= American Bridge Association =

Tournament bridge organization

The American Bridge Association (ABA) is a tournament bridge organization in the United States of America.

==Origins==
The ABA was formed in 1932 by black tennis players at Buckroe Beach, Virginia; at the time, blacks were excluded from most bridge events.

The desire to compete in the sport of tennis despite the racial barriers of the time resulted in the creation of the American Tennis Association in 1916. The Association often held its matches on college campuses such as Hampton Institute, now Hampton University, and Lincoln University, where adequate facilities were available. One such championship event was held at Hampton in the year 1932. At the conclusion of the tournament, a group of tennis players, who were also bridge enthusiasts, suggested having a duplicate bridge match in the evening as a form of relaxation. This event, coupled with impetus from the Cromwell School of Contract Bridge in New York City, marked the beginning of the American Bridge Association. Dr. M.E. DuBisette became the first president of the ABA and the first National Bridge Tournament was held in Buckroe Beach, Virginia in 1933.

==Growth==
The membership of the newly formed ABA burgeoned, and in 1936 the ABA merged with the Eastern Bridge League, a group of New York City bridge clubs. Since this time the ABA has evolved into eight sections - Eastern, Great Lakes, Mid-Atlantic, Southern, Southwestern, Midwestern, Western, and Northwestern.

As the ABA continued to grow, attention focused on the need for a permanent home. The ideal of a permanent location was accomplished when a building, which now houses the ABA National Office and ABA memorabilia, was purchased in Atlanta, Georgia in 1994.
In the 1980s, the American Bridge Association selected the Schomburg Center in New York City to officially house its memorabilia. The ABA National Headquarters showcases artifacts and catalogs ABA documents. In 2005, the American Bridge Association published Defining Moments, a historical package which includes a written chronicle, DVD of oral history, and playing cards. These components depict the movements, forces, and people who helped shape the history of the ABA. The entire package or its components may be obtained from the ABA National Headquarters in Atlanta, Georgia.
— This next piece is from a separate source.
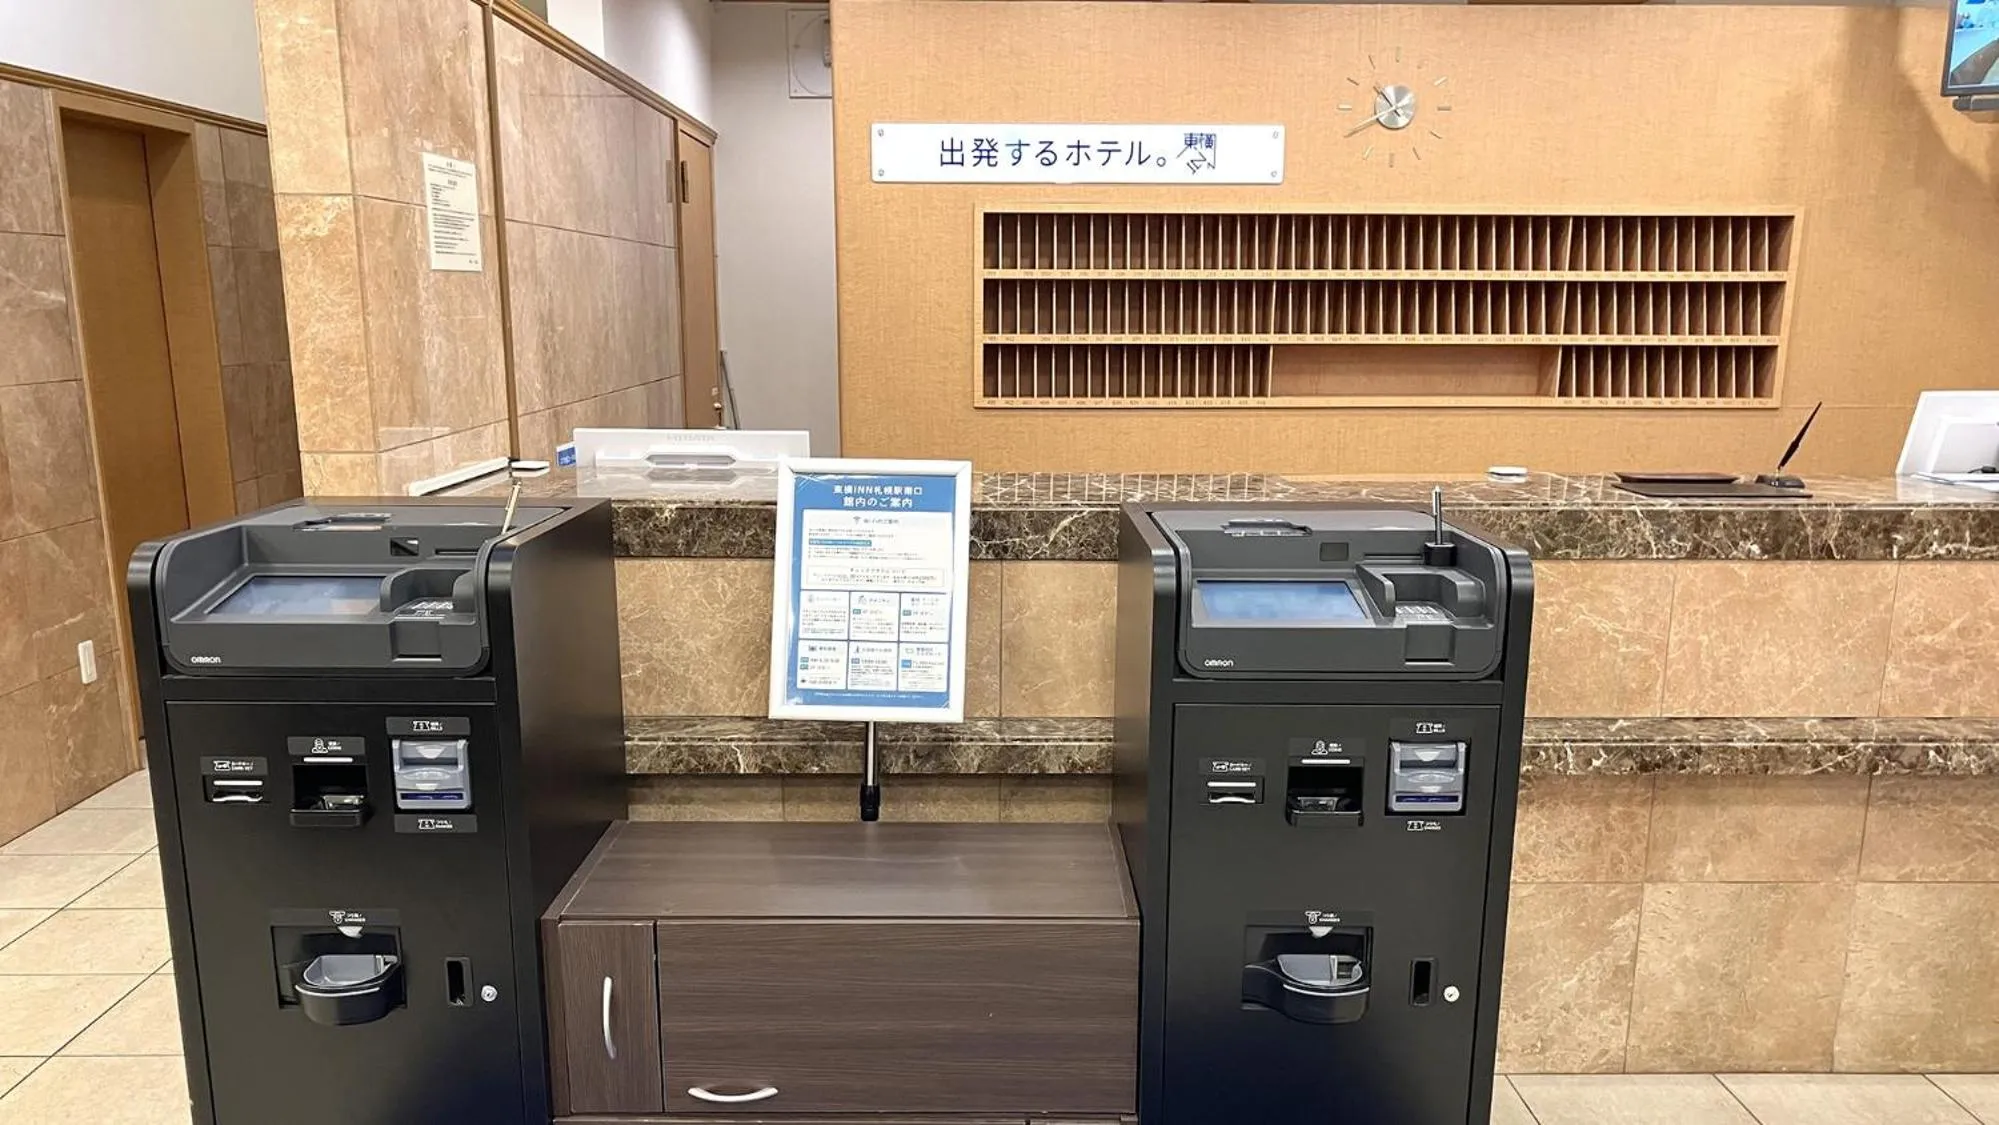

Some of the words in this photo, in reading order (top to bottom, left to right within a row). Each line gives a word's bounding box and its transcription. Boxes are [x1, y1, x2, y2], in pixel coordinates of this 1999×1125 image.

In 1967, the American Contract Bridge League (ACBL) removed the final obstacle to ACBL membership for African-Americans when it included in its by-laws a rule that no person could be denied membership because of race, color, or creed. Historically, many states, particularly in the South, had laws that made card-playing between blacks and whites illegal. Some of those were: Texas, Tennessee, Mississippi, Alabama, and Huntsville, Alabama.

The ABA membership remains predominantly African-American. It holds two national tournaments each year.

The ABA has its own masterpoints system, similar to the ACBL masterpoints system.